| DATA |
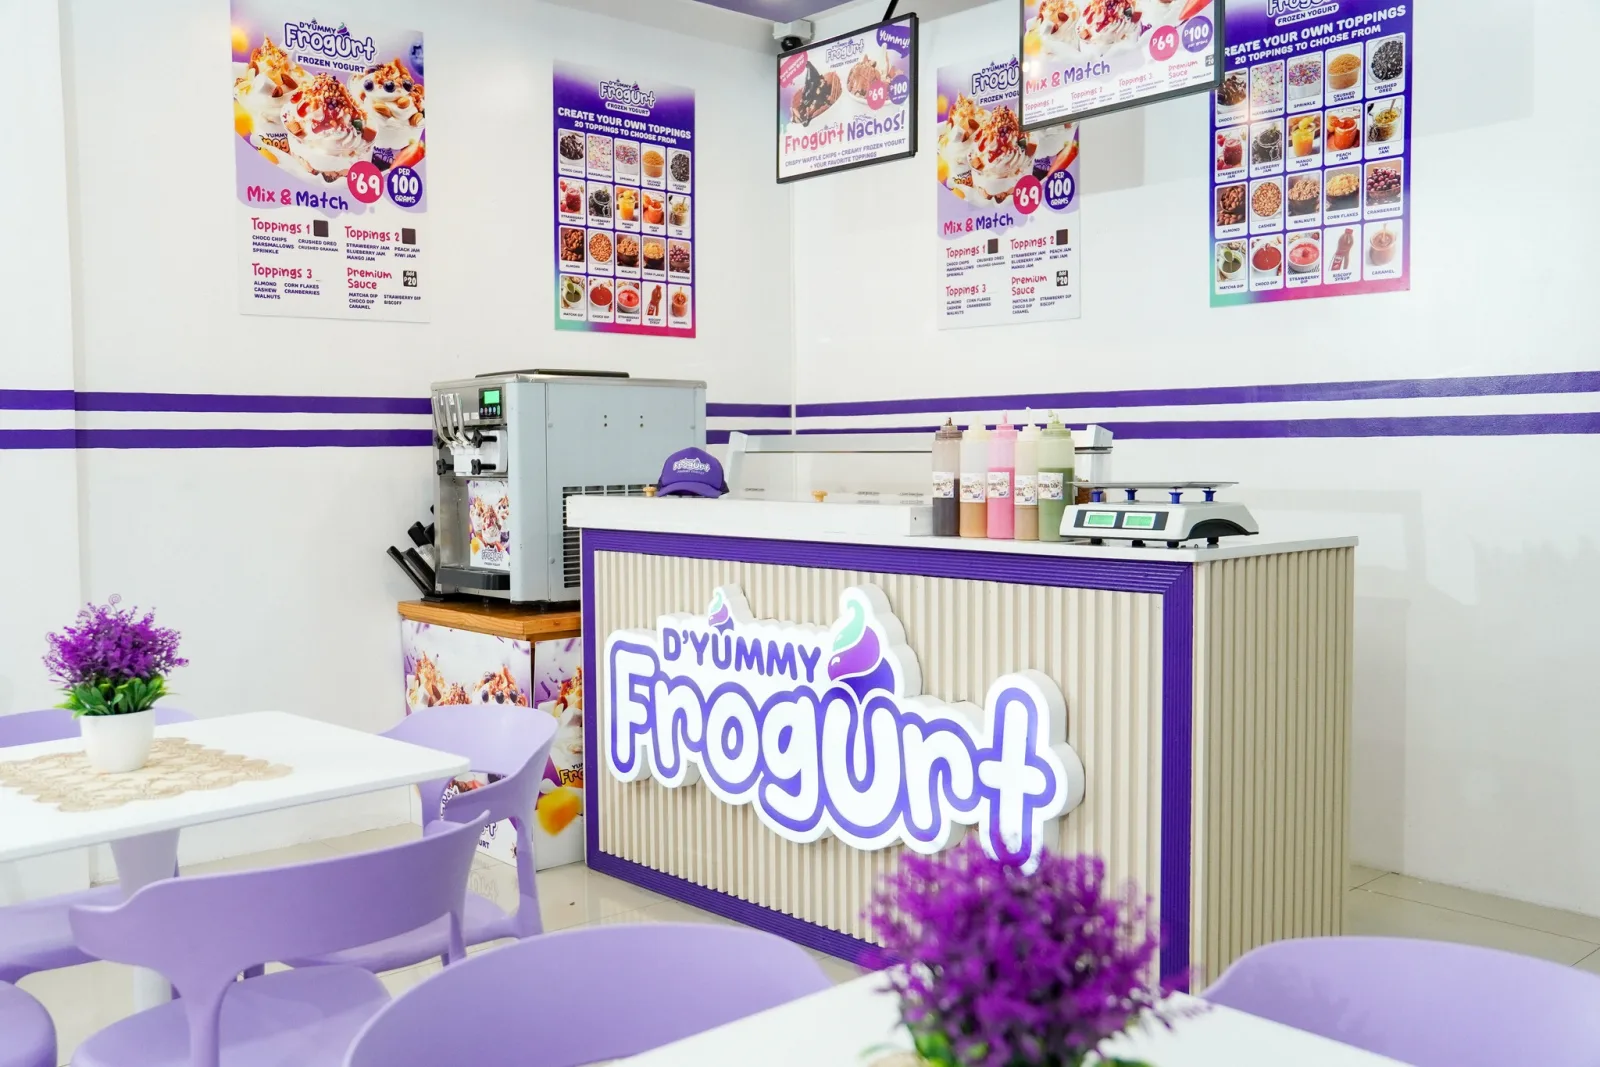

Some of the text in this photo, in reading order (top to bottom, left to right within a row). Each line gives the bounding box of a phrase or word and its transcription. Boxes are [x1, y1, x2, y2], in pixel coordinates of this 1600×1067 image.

[1277, 12, 1306, 24] FROZEN
[1307, 5, 1337, 17] YOGURT
[299, 21, 336, 34] D'YUMMY
[1224, 39, 1260, 57] REATE
[1263, 29, 1298, 48] YOUR
[1300, 22, 1333, 40] OWN
[1336, 5, 1406, 31] TOPPINGS
[284, 22, 375, 61] Frogurt
[880, 30, 910, 48] Yummy!
[1235, 24, 1381, 65] 20 TOPPINGS TO CHOOSE FROM
[825, 38, 864, 63] Frogurt
[297, 55, 365, 73] FROZEN YOGURT
[981, 62, 1008, 74] D'YUMMY
[1168, 60, 1198, 71] Premium
[971, 65, 1020, 95] Frogu
[1025, 60, 1110, 94] Mix & Match
[1119, 74, 1147, 87] Toppings
[1168, 70, 1188, 79] Sauce
[1374, 82, 1397, 91] CRUSHED
[600, 81, 655, 107] Frogurt
[980, 93, 1003, 104] FROZEN
[1071, 88, 1098, 100] Toppings
[1333, 91, 1356, 99] CRUSHED
[607, 102, 649, 115] FROZEN YOGURT
[1025, 100, 1050, 111] Toppings
[1293, 100, 1316, 109] SPRINKLE
[557, 107, 691, 139] CREATE YOUR OWN TOPPINGS
[574, 120, 677, 144] 20 TOPPINGS TO CHOOSE FROM
[785, 110, 905, 154] Frogurt Nachos!
[785, 138, 906, 167] CRISPY WAFFLE CHIPS CREAMY FROZEN YOGURT
[828, 156, 851, 166] FAVORITE
[852, 151, 877, 161] TOPPINGS
[398, 167, 410, 176] PER
[1217, 169, 1245, 177] STRAWBERRY
[1254, 163, 1280, 171] BLUEBERRY
[1053, 171, 1065, 179] PER
[391, 175, 419, 195] 100
[1048, 177, 1072, 199] 100
[247, 185, 348, 210] Mix & Match
[395, 195, 416, 204] GRAMS
[1050, 198, 1069, 206] GRAMS
[1366, 206, 1401, 215] CRANBERRIES
[251, 217, 310, 234] Toppings 1
[943, 212, 1014, 235] Mix & Match
[344, 225, 400, 242] Toppings 2
[1010, 235, 1055, 250] Toppings 2
[945, 244, 986, 258] Toppings 1
[251, 262, 312, 279] Toppings 3
[347, 267, 392, 279] Premium
[347, 278, 377, 289] Sauce
[1011, 275, 1048, 285] Premium
[945, 283, 987, 297] Toppings 3
[1011, 286, 1035, 296] Sauce
[663, 627, 821, 684] D'YUMMY
[609, 640, 1057, 867] Frogurt

| EXERCISE |
Of the lines above, show those in which "FROM" appears.

| WRITTEN RESPONSE |
[1235, 24, 1381, 65] 20 TOPPINGS TO CHOOSE FROM
[574, 120, 677, 144] 20 TOPPINGS TO CHOOSE FROM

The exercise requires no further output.